There is another set of qualities which aesthetically characterises rock art representations. It extends from naturalistic, realistically proportioned art works to more or less stylized types, and finally to designs which are highly abstract, showing geometric forms which can no longer be identified as representing objects (Fig. 5). In the current archaeological literature, it is generally assumed that naturalistic representations are primary and that the prototypes of the painter were natural or instrumental forms. The conditions of 'style' are usually taken for granted and barely discussed. Purely geometric forms, if not otherwise identified, are interpreted in the frame of abstractly conceived Euclidian geometry.

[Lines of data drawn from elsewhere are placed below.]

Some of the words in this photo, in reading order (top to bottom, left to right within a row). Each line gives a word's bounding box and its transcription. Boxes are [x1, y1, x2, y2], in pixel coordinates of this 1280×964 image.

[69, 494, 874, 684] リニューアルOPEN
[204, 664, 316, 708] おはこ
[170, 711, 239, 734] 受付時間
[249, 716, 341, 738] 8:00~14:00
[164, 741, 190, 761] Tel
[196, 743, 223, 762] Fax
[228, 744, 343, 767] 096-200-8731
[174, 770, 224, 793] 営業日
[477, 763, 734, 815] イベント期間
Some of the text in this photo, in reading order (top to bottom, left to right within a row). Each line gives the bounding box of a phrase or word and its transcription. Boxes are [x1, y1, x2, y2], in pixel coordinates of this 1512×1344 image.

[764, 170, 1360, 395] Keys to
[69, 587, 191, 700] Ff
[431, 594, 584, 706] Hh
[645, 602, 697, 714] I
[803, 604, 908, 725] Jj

Anyone intending to discuss rock art in a world-wide context must necessarily refer to a theoretical framework of world-wide validity. Conventionally, this framework consists of three elements. First there is the formal expression - that is to say, the rather naive opinion that formal units indicate a direct relation with some natural or cultural object. This relation, it is believed, can still be identified today. The second element deals with the question of the meaning of such formal units in themselves or in the context of other forms. The third element concerns the purpose, the function, the social or human conditions that produced such forms. Interpretation in general is based on the concepts established by various other disciplines, such as history of religion, history of art, economic anthropology, etc.

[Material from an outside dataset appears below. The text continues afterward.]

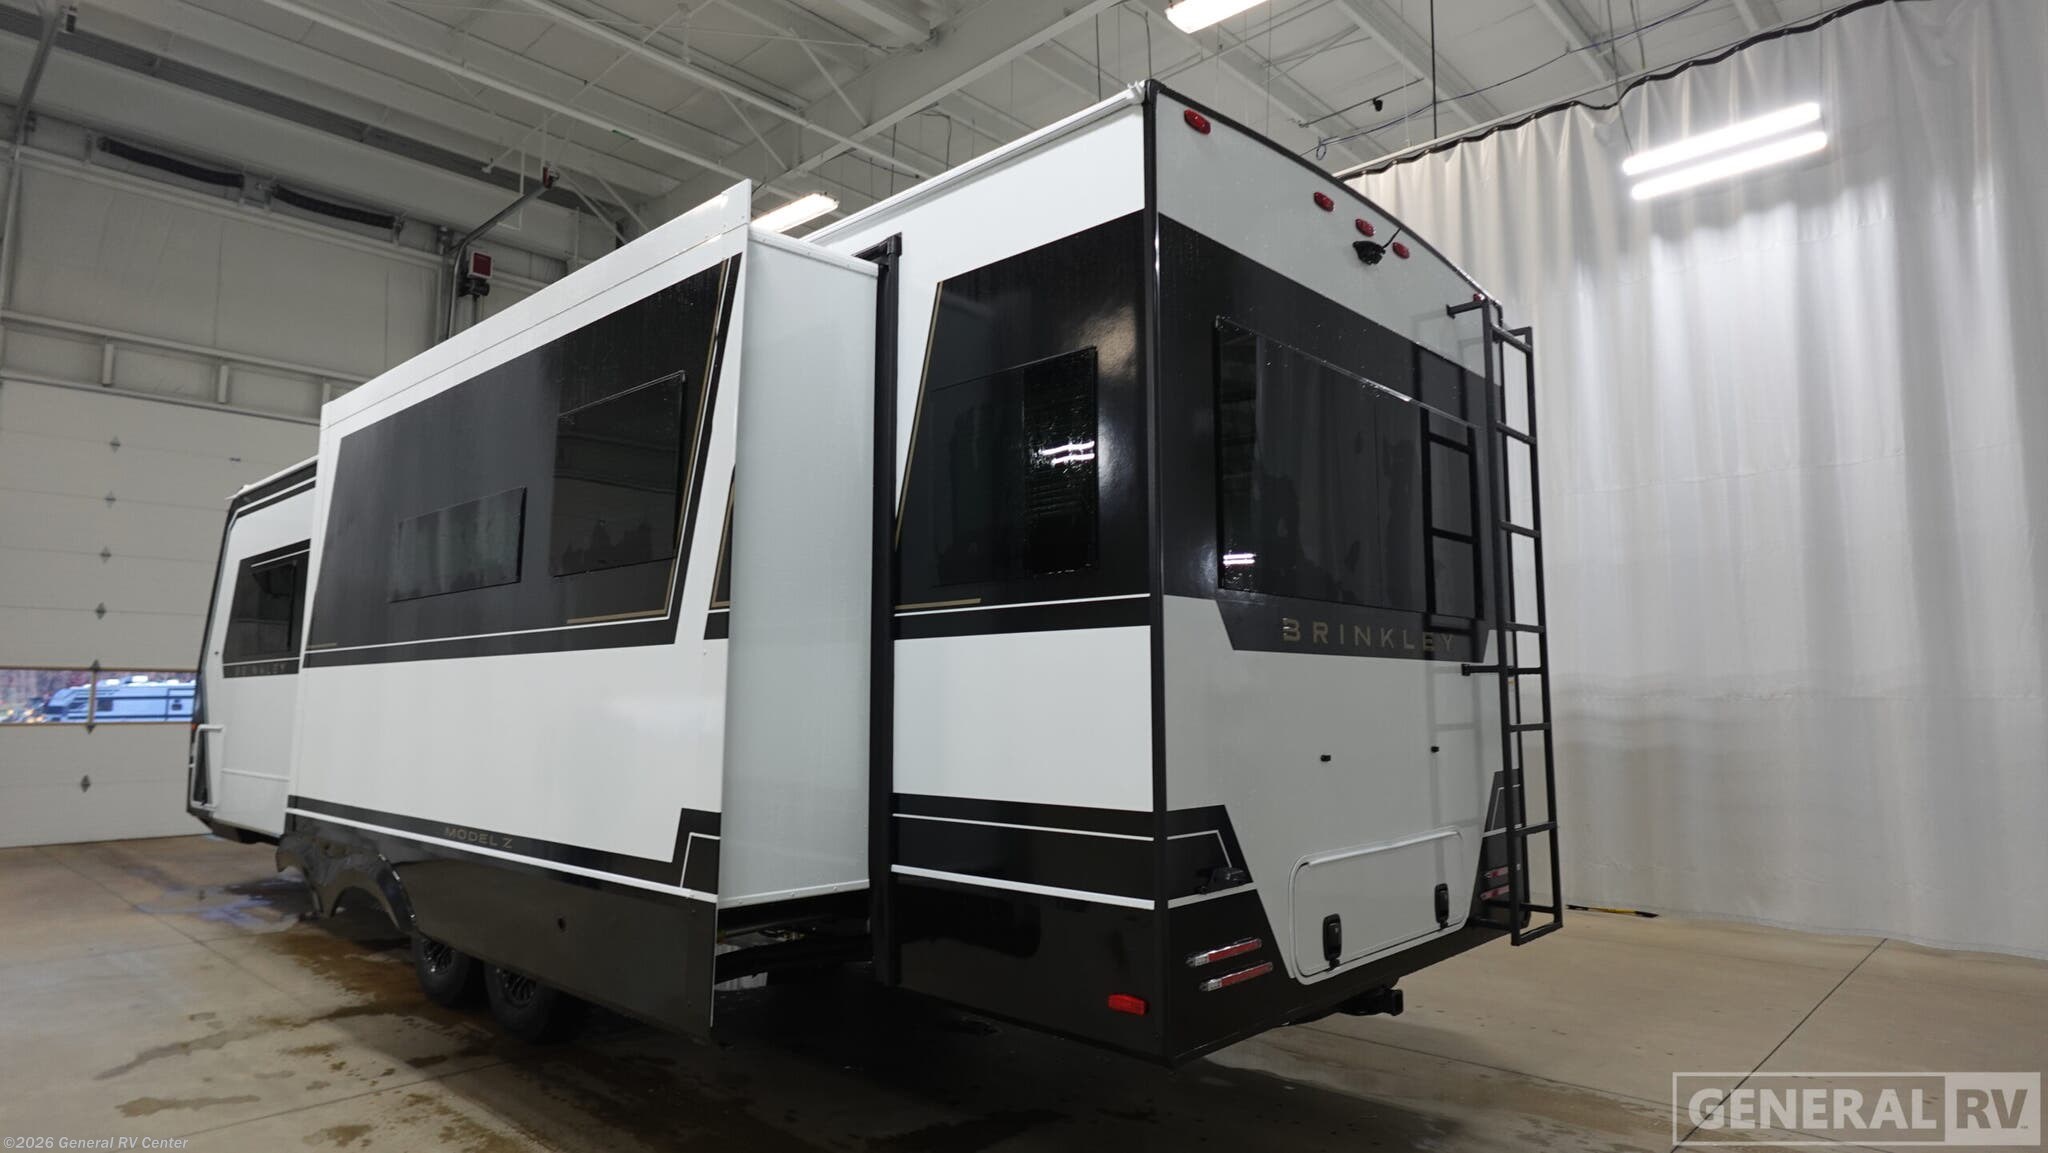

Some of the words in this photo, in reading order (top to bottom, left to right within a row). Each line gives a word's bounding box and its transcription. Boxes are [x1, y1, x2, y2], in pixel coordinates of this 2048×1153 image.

One of the main problems of interpretation stems from the fact that we know very little about the material conditions of prehistoric societies. Archaeology presents us merely with what was durable, the 'remains'. Consequently, analogies with known ethnological conditions have been increasingly used for the interpretation of prehistorical data (e.g., Narr 1973); but, particularly with regard to rock paintings, the analogies do not seem to be sufficient. The ethnographic study of semantic architecture might provide some clues for the reinterpretation of rock art morphology.